The above pictures shows a typical trumpet style ITB setup on a modern V6 engine.  Note the taper of the trumpet that continues to the intake runner itself, providing a balance of low, mid and top end performance.

Slider ITB – Slider style throttle bodies were born out of logical belief that with the traditional butterfly valve style, you are giving up prescious air volume and velocity by having a shaft in the center of the bore.  In a slider ITB, there is no throttle shaft.  Instead, there is a door that slides open and closed to ingest air.  As you can imagine, the packaging requirements tend to make these more space hungry and more expensive to produce.  These are also said to give non linear throttle response, making them difficult to drive at lower speeds, and difficult to maintain a steady state speed.

Typical Slider Type

Typical Slider Type

Roller Style – the roller style throttle body is the third type of individual setup out there.  In this type, you have two barrels, one that rotates inside another.  These are essentially combining the linear throttle progression of a traditional butterfly setup, with the pure flow of the slider type.  As you can imagine, these are the post costly to produce, and leave the least margin for error, as you no longer have the ability to alter runner length, taper,  etc for a given application.  Each component has to be machined on it’s own, meaning it’s got to be perfect out of the gate.  The inner roller uses ball bearings for smooth and linear actuation. 

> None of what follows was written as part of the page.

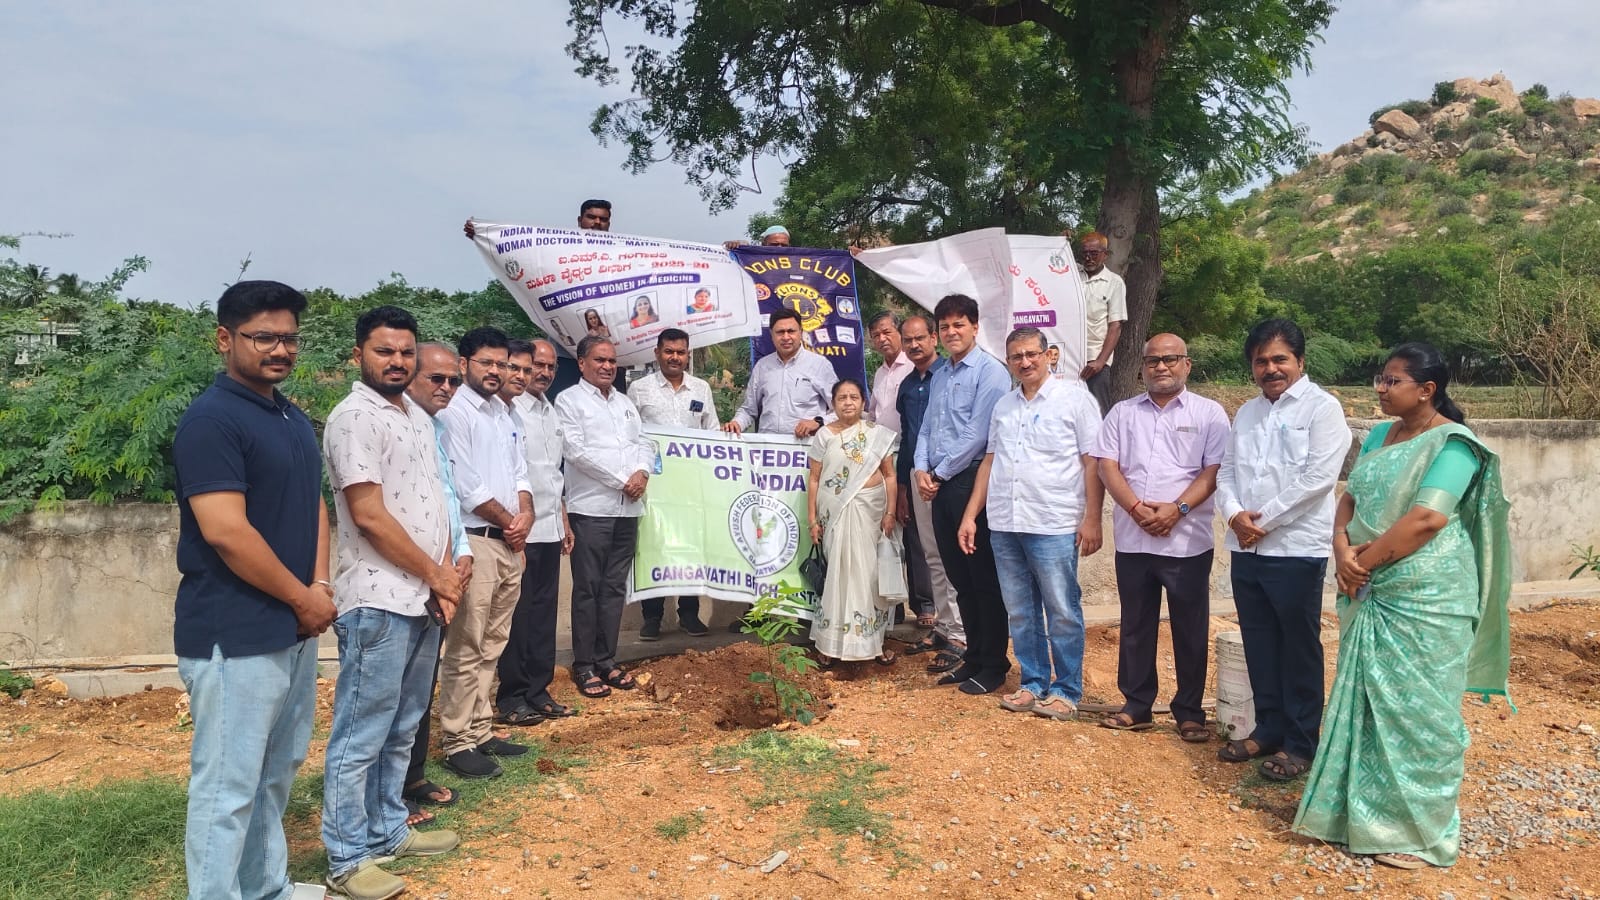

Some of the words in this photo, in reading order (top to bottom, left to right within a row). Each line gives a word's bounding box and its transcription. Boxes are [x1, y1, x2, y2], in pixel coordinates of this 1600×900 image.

Get your math right, your patience high, and a bunch of buddies to chip in on a CNC machine, and the roller is clearly the way to go from a packaging and performance standpoint.  But there really is no margin for error.

Here is a very neat video showing a roller throttle body in action on an STi

So, now we’ve seen the different styles of ITB’s out there.  In the next segment, we’ll get a bit more into design considerations of the most popular version, the butterfly style.  This will include injector placement, trumpet location, and what all is needed to actually make one of these setups run a car.